[Listed entries Boundary: Start]

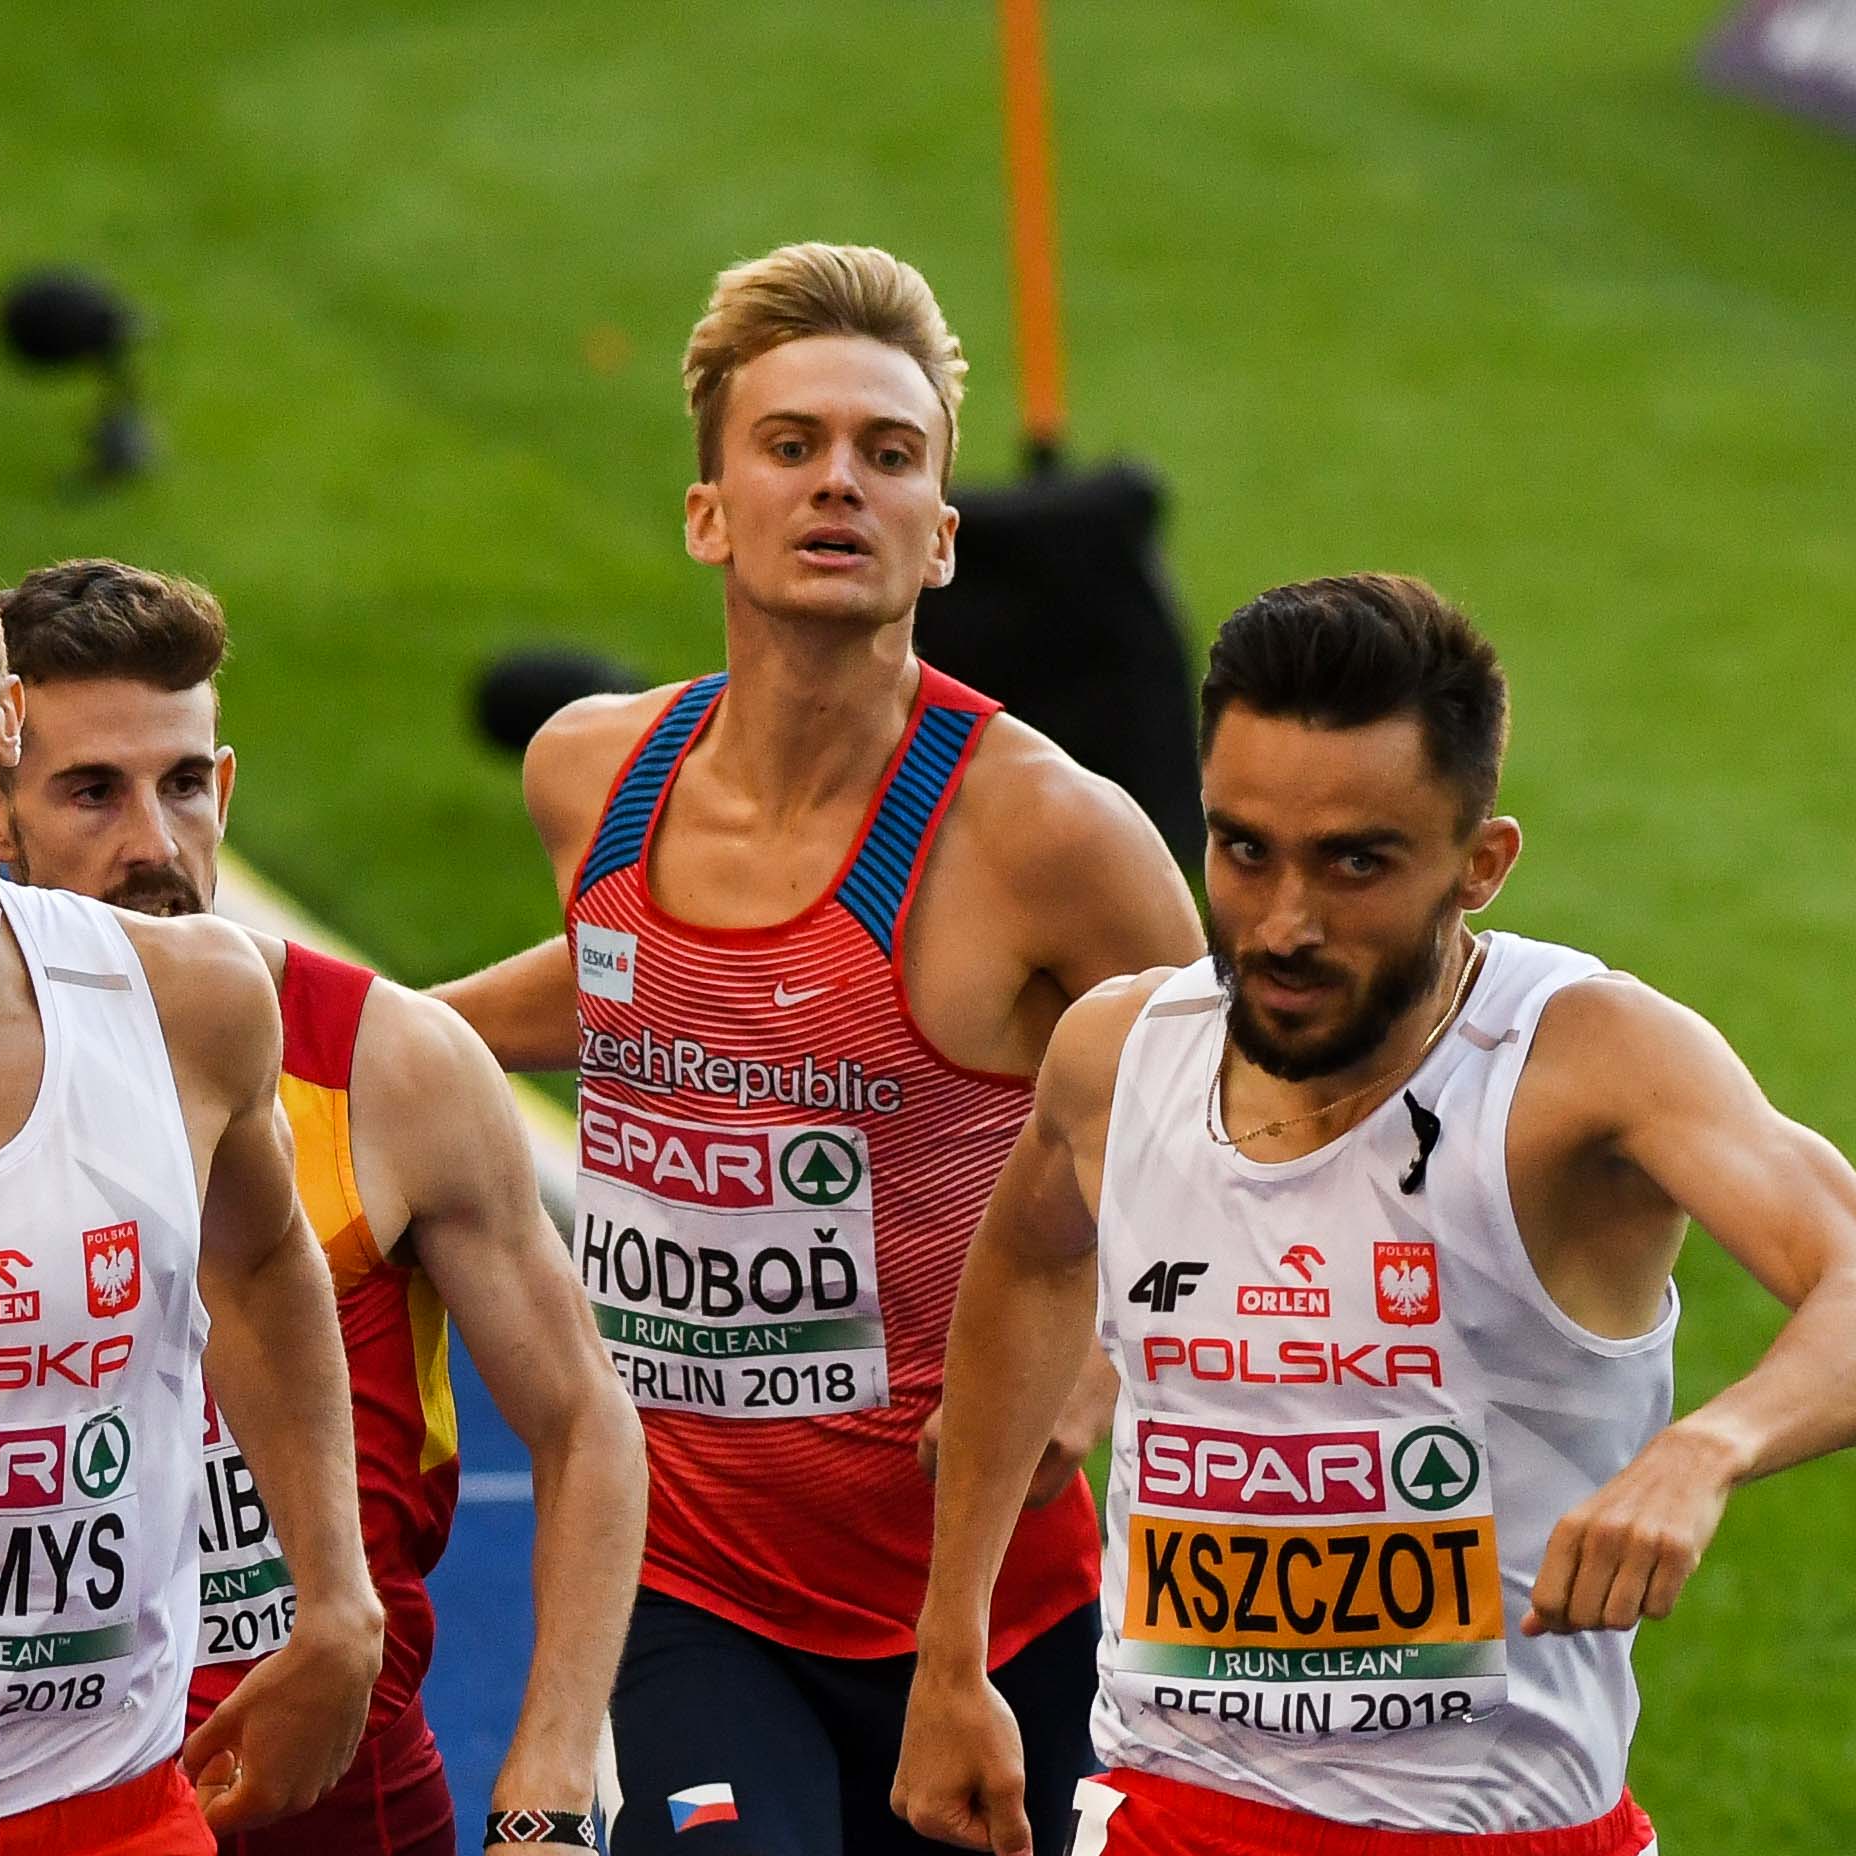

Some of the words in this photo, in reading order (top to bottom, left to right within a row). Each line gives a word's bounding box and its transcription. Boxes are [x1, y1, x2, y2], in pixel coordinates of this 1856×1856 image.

[577, 1014, 902, 1113] zechRepublic
[583, 1112, 765, 1196] SPAR
[87, 1226, 134, 1245] POLSKA
[1377, 1245, 1432, 1257] POLSKA
[582, 1213, 859, 1318] HODBOĎ
[1128, 1261, 1209, 1312] 4F
[1242, 1291, 1326, 1313] ORLEN
[620, 1313, 628, 1339] I
[636, 1318, 686, 1348] RUN
[611, 1351, 726, 1406] ERLIN
[742, 1363, 856, 1407] 2018
[1144, 1337, 1442, 1387] POLSKA
[1144, 1435, 1376, 1502] SPAR
[1144, 1528, 1480, 1635] KSZCZOT
[203, 1595, 297, 1654] 2018
[1208, 1650, 1217, 1676] I
[1225, 1651, 1290, 1677] RUN
[0, 1674, 105, 1717] 2018
[1350, 1691, 1473, 1734] 2018

[Listed entries Boundary: End]

What to work on.
Could you reproduce the records above exactly, leaving out the pictures?

Solution for this problem.
Some of the words in this photo, in reading order (top to bottom, left to right within a row). Each line gives a word's bounding box and its transcription. Boxes are [x1, y1, x2, y2], in pixel coordinates of this 1856×1856 image.

[577, 1014, 902, 1113] zechRepublic
[583, 1112, 765, 1196] SPAR
[87, 1226, 134, 1245] POLSKA
[1377, 1245, 1432, 1257] POLSKA
[582, 1213, 859, 1318] HODBOĎ
[1128, 1261, 1209, 1312] 4F
[1242, 1291, 1326, 1313] ORLEN
[620, 1313, 628, 1339] I
[636, 1318, 686, 1348] RUN
[611, 1351, 726, 1406] ERLIN
[742, 1363, 856, 1407] 2018
[1144, 1337, 1442, 1387] POLSKA
[1144, 1435, 1376, 1502] SPAR
[1144, 1528, 1480, 1635] KSZCZOT
[203, 1595, 297, 1654] 2018
[1208, 1650, 1217, 1676] I
[1225, 1651, 1290, 1677] RUN
[0, 1674, 105, 1717] 2018
[1350, 1691, 1473, 1734] 2018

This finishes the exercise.